Despite being broke, I managed to spend the last month riding parental goodwill throughout the country, attempting to cure my growing insomnia, frustration, and sloth. These travels took me through a lot of airports. Luckily, I never got groped by any TSA agents – but I did play Seven Minutes in Heaven with a baggage handler. At least I didn’t have to take my shoes off.
My first trip took me to the rocky deserts of Phoenix, where I hung out with my dad and two sisters in the unholy 80 degrees of December. As I flew over the city, I came to a realization that the main difference between Phoenix and the Middle East – both barren, highly conservative regions led by corrupt officials who have at best a heavy disdain for egalitarian human rights – is swimming pools. Maybe I was simply flying over a good neighborhood, but every other house had a backyard that was half turquoise with irrigated water. It got me to thinking: maybe to create peace in the Middle East, we should give the people there swimming pools.
I saw a few strange things while in Phoenix that had nothing to do with the local culture: a television remote that had Braille on it, a basketball game on the Cartoon Network, a video of the Metrodome caving in from a Minnesota blizzard. But the strangest thing I saw on this trip was my dad.
My old man is a professional gambler, and like all professional gamblers he aspires to be one of two people: Kenny Rogers or Confucius. Like most gamblers, he was never a source of family stability – or anything not resembling sloth – so I found it weird that my old man was now the caretaker of a new puppy which had the horrible name of Baby. Despite having years ago sent me a weird email in which he considered getting some tropical fish to fill some void in his life, this is the first living creature he has been responsible for since my parents got divorced 13 years ago. Surprisingly, he seemed to enjoy the responsibility – though I fear that the dog will get less attention once it gets older and less cute.
Odder still was some of the shit that came out of his mouth while I was there. My dad is one of those strange and outlandish people who doesn’t get how he could have strange and outlandish children (and all three of us are). He derides my warped sense of humor, yet a decade ago called me in the middle of the night, stoned and telling me terrible jokes about cow tits and poor Mexicans. During the brief period I lived with him in Phoenix, he got stoned (again) and started freaking out about how amazing the live-action Flintstones movie was.
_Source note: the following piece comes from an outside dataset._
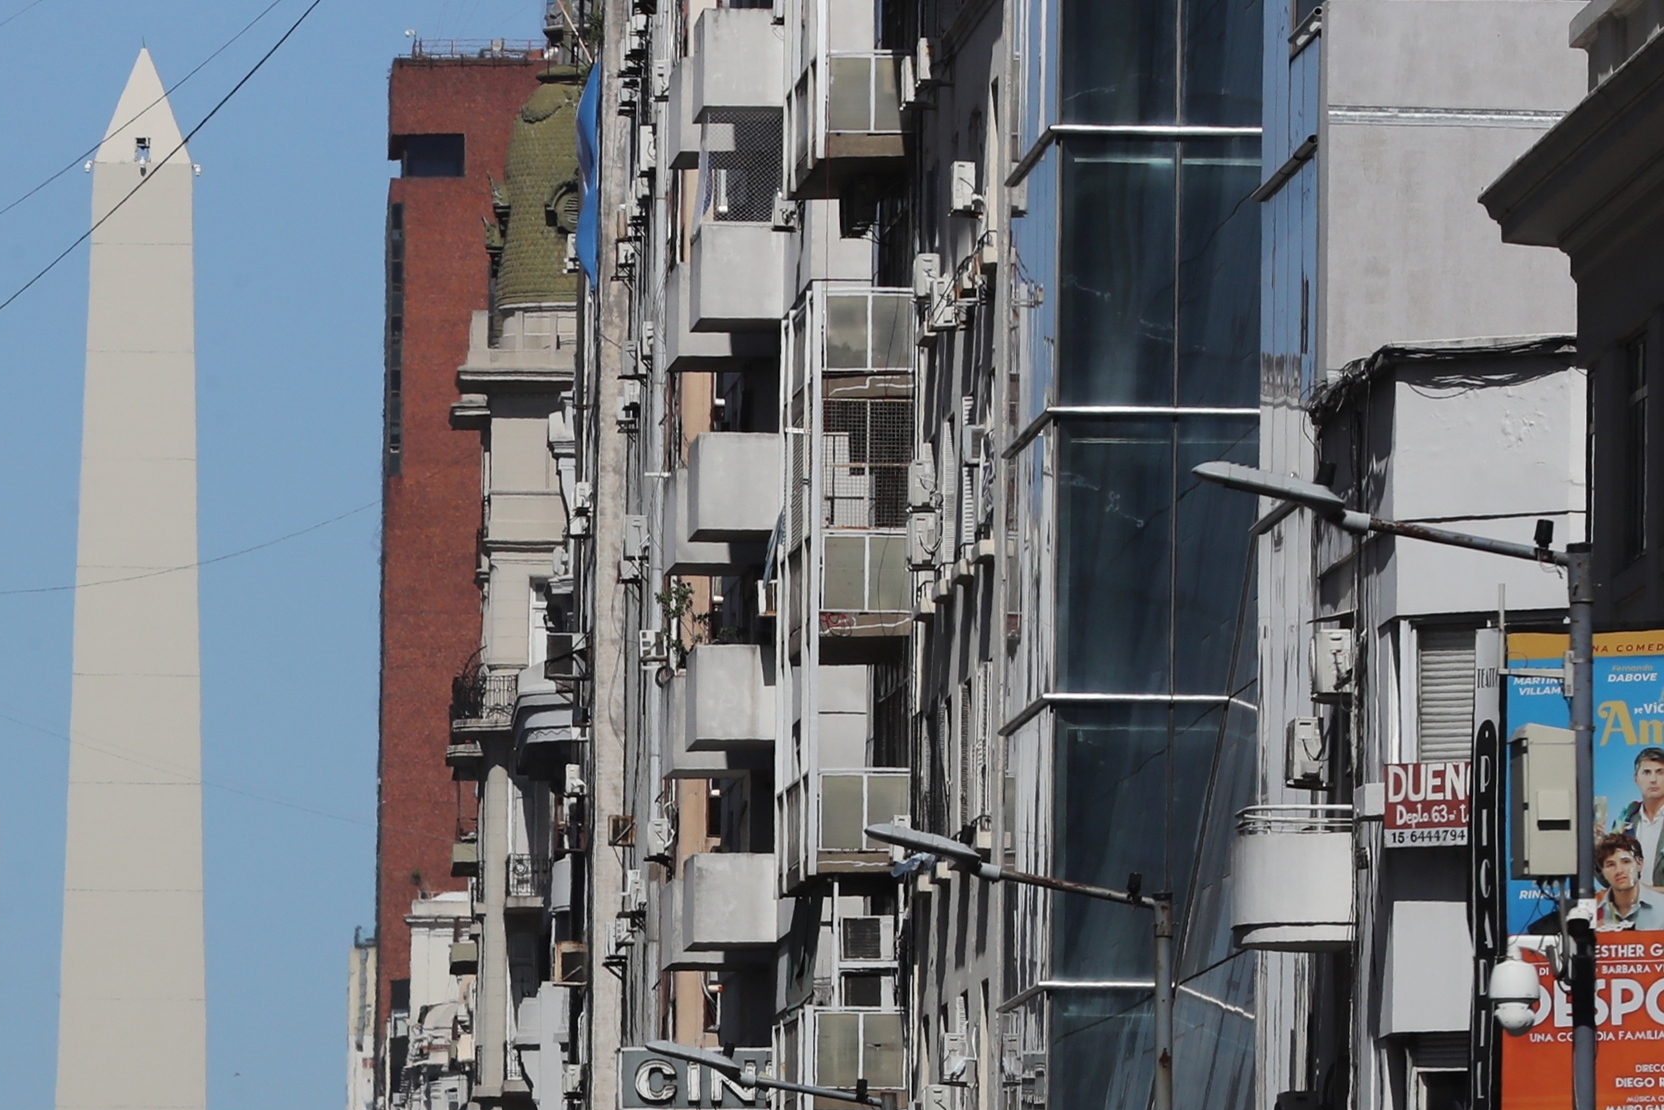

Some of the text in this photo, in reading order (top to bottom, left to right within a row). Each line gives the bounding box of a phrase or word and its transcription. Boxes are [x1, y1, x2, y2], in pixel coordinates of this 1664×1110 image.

In another late-night phone call, he told me that he signed me up to be a salesman for some acai berry energy drink because (he said) he thought it was a fantastic product. But no, I’m the weird one.
One of the main topics of conversation during this trip was my dad’s shut-in gambler girlfriend, an old oxygen-huffing gold digger who had dated my old man on and off for the better part of a decade. The recent drama involved this prune suckering my dad into buying her a phone, following that up with some ungrateful shit-talking. My sisters and I ganged up on him, ultimately convincing him to get back the phone and kick her to the curb, but he weakly defended his troubled relationship by calling her “the hottest 64 year old on oxygen.”
He followed up that gem by diving one of my sisters and I around town, ultimately taking us to eat at a well known Chinese restaurant he kept mistakenly referring to as PG Chang’s. On the ride there, he proclaimed his faith in a god of some sort before loudly pondering the possibility of what his life would have been like if he was gay. Um… I guess that since I owe my existence to the fact that he boned my mom, I should say… thanks?
He would follow this up by saying that if he had been gay, he would have gone for our slick as oil waiter. After a few drinks, he got weird and started talking about his marriages. Of my sister’s mother, my old man gloated that he had fooled her into thinking that he wasn’t one of the biggest potheads in town, which seemed kind of sketchy to say. Of my own, he bragged: “When we first met, your mom and I had a lot of sex!”
It was at this moment when my selfish gratitude for my dad’s heterosexuality began to wane.
The old man went on to suggest that I write his biography, but, in so many words – and no doubt never having read a word of anything I’ve written – he wanted me to tone down my weirdness and make it more accessible. The first hitch came quickly, as he recounted his side of the story of when I got kicked out of a casino for pissing in an empty parking lot and embarrassing him in front of all his fellow gamblers – conveniently forgetting the part of the story in which I watched him play poker for 14 hours straight and would have rammed my head through a wall to get out of the casino. Oh well; a modern classic fails.
I like my dad, and we had a good time in total, but it helps if there’s a slight barrier between us. As such, I’m glad I stayed at my local sister’s place, where I slept on her gigantic couch and beat back sleeplessness. And after our time was over, the old man took me to the airport, and after a few days at home in Washington, I set out again and exchanged the desert for the snow.